The irony of bookstores

While searching for a copy of EiM at Border’s, Scott Karp was struck by the irony of searching for a book about the problems with traditional organization in a store organized traditionally. Scott goes on to predict the demise not just of the bookstore but of business books in general…and the continued rise of linked writing on the Web.

Preserve the record by manifesting the context

This morning if you search Google for “Enron,” the top hit is (the creditors’ recovery page) and the second is the Wikipedia article on Enron. The first listing from is about 45th and it’s a TimesSelect (= pay) page that doesn’t even actually reference Enron. That’s an example of what’s on the mind of the Times’ ombudsman (um, “public editor”) Clark Hoyt when he begins his column. He finds the Times’ “business strategy” of getting “its articles to pop up first in Internet searches” — well, at least not at #45 — responsible for the quandary the Times finds itself in when it comes to the errors in its archive. I don’t quite see it that way.

Hoyt takes as his example an article abot Allen Kraus, who “once led a welfare office praised for its efforts to uncover fraud.” The Times first reported he resigned under pressure after a bribery investigation without including Kraus’ side of the story and later published a more balanced follow-up. Kraus says his boss eventually publicly sided with Kraus’ version. The details don’t matter much, although I must say it’s a relief for a change not to be talking about John Siegenthaler. The point is that Kraus is understandably upset that searches on his name turn up the Times’ faulty story. If that’s all you read, you’d think he’s a crook.

Hoyt then considers several solutions to this problem, seeming to favor the suggestion that the Time expunge faulty articles from its archive.
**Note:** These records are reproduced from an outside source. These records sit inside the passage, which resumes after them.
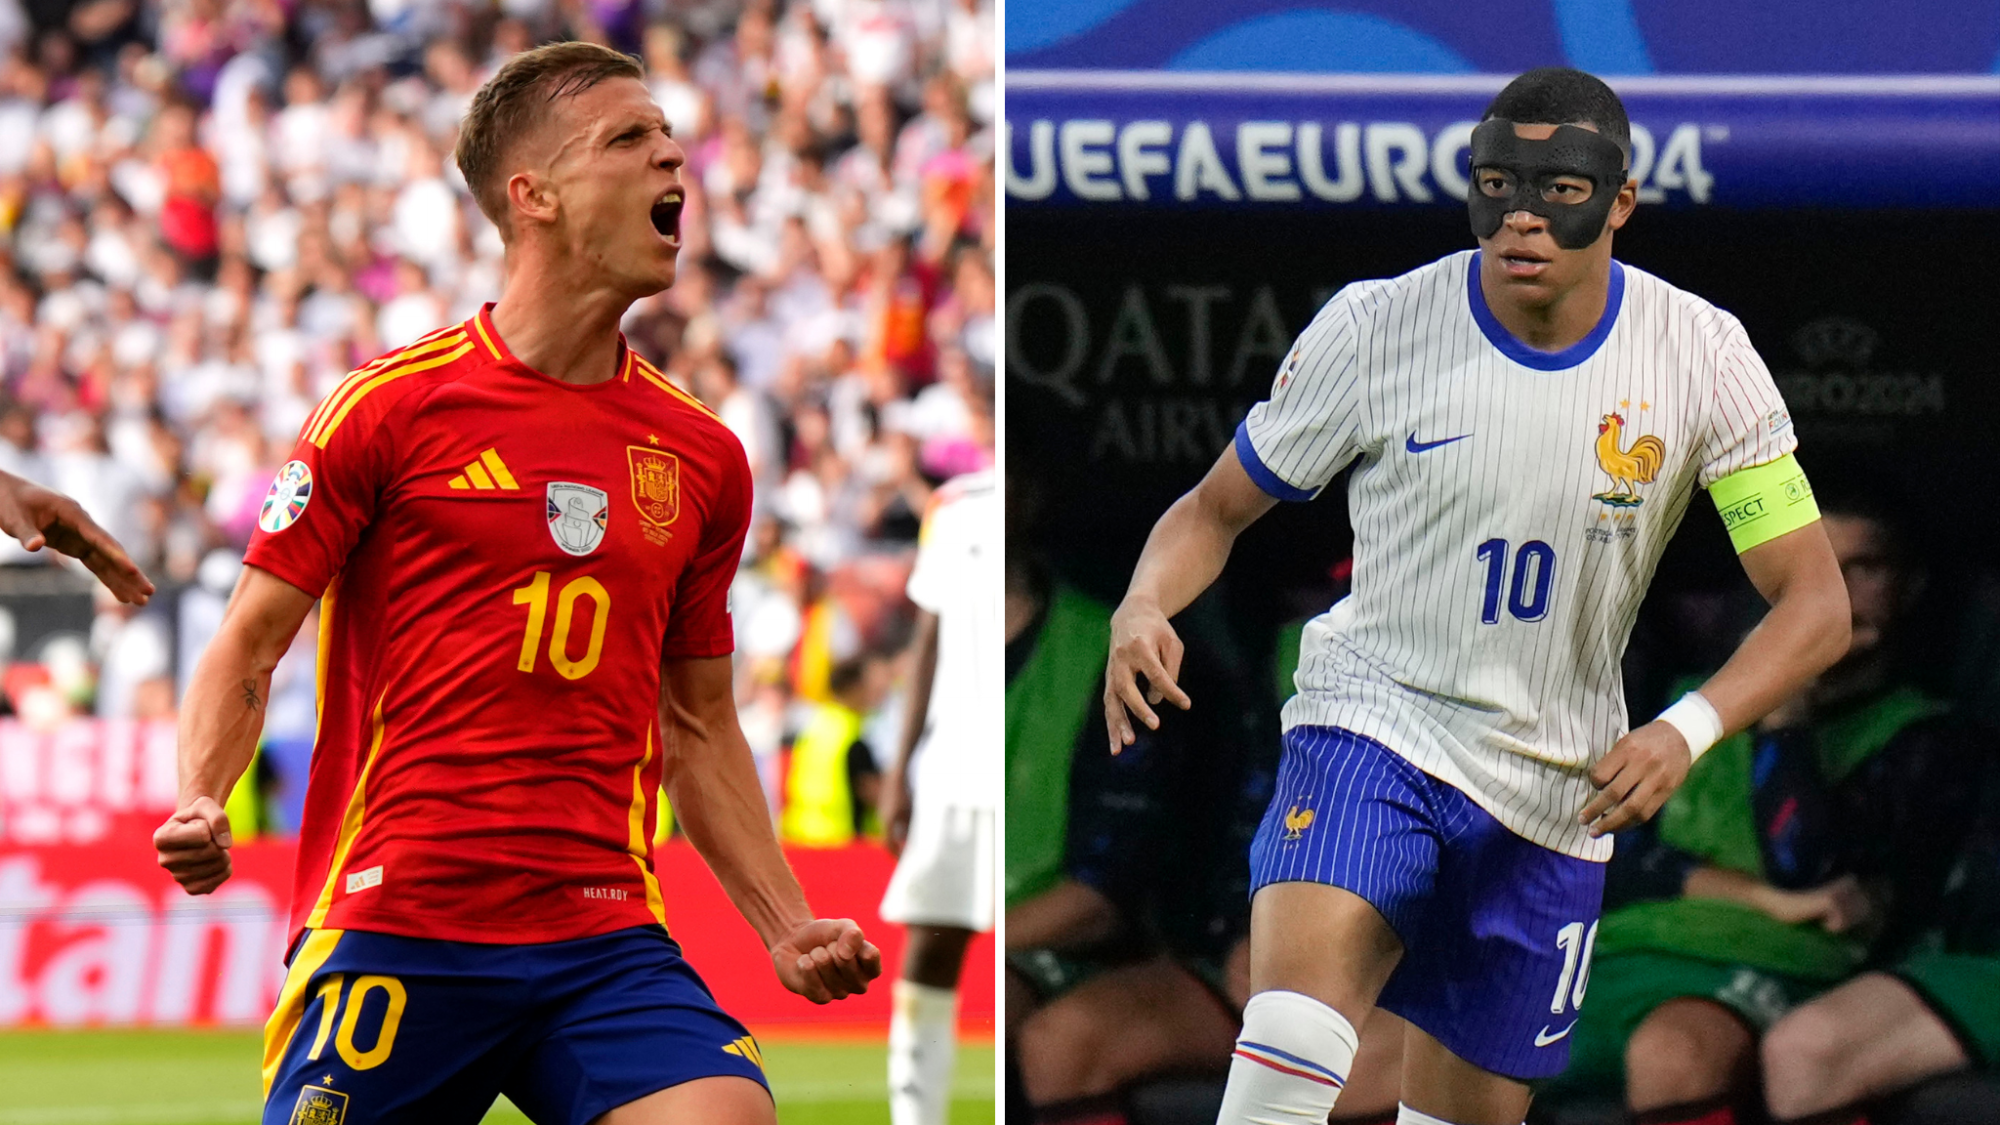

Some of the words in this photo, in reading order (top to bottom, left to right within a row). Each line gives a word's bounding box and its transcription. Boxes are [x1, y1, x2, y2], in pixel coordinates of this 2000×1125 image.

[1005, 281, 1338, 406] QATA
[1722, 497, 1764, 526] SPECT
[513, 571, 611, 680] 10
[1477, 538, 1557, 624] 10
[583, 887, 628, 901] HEAT.RDY
[307, 973, 407, 1071] 10
In fact, the solution is already in place. If you google “allen kraus” (in quotes), the #1 hit is a Times topic page about him that lists first the corrective article and then the faulty one. Perfect! We get the context we need while preserving the record. Topic pages are in fact the Times attempt to move its content up the Google results page. They give us a single, persistent URL that aggregates everything the Times knows about a topic…including what it got wrong.

Jeez, if the Times expunged from its archive every article about Iraq Judith Miller wrote, we’d think the Times slept through the whole run-up to the war. And future researchers would never understand how culpable the Times was for getting us into that miss. Bloggers get this right-er than Hoyt when we use strikethrough font to indicate an error we’ve corrected. We need the full archive.

Topic pages are a great solution to the problem of providing context, as well as advancing the Times’ search engine optimization desires. Removing articles from the record destroys the value of the record. You shouldn’t write history by rewriting the record.

So, rather than setting “time-outs” for articles based on how important the Times’ judges them, which is Hoyt’s suggestion, do more topic pages. And harvest the power of the crowd to create more topic pages and more context. [Tags: nytimes wikipedia newspapers journalism history archives everything_is_miscellaneous ]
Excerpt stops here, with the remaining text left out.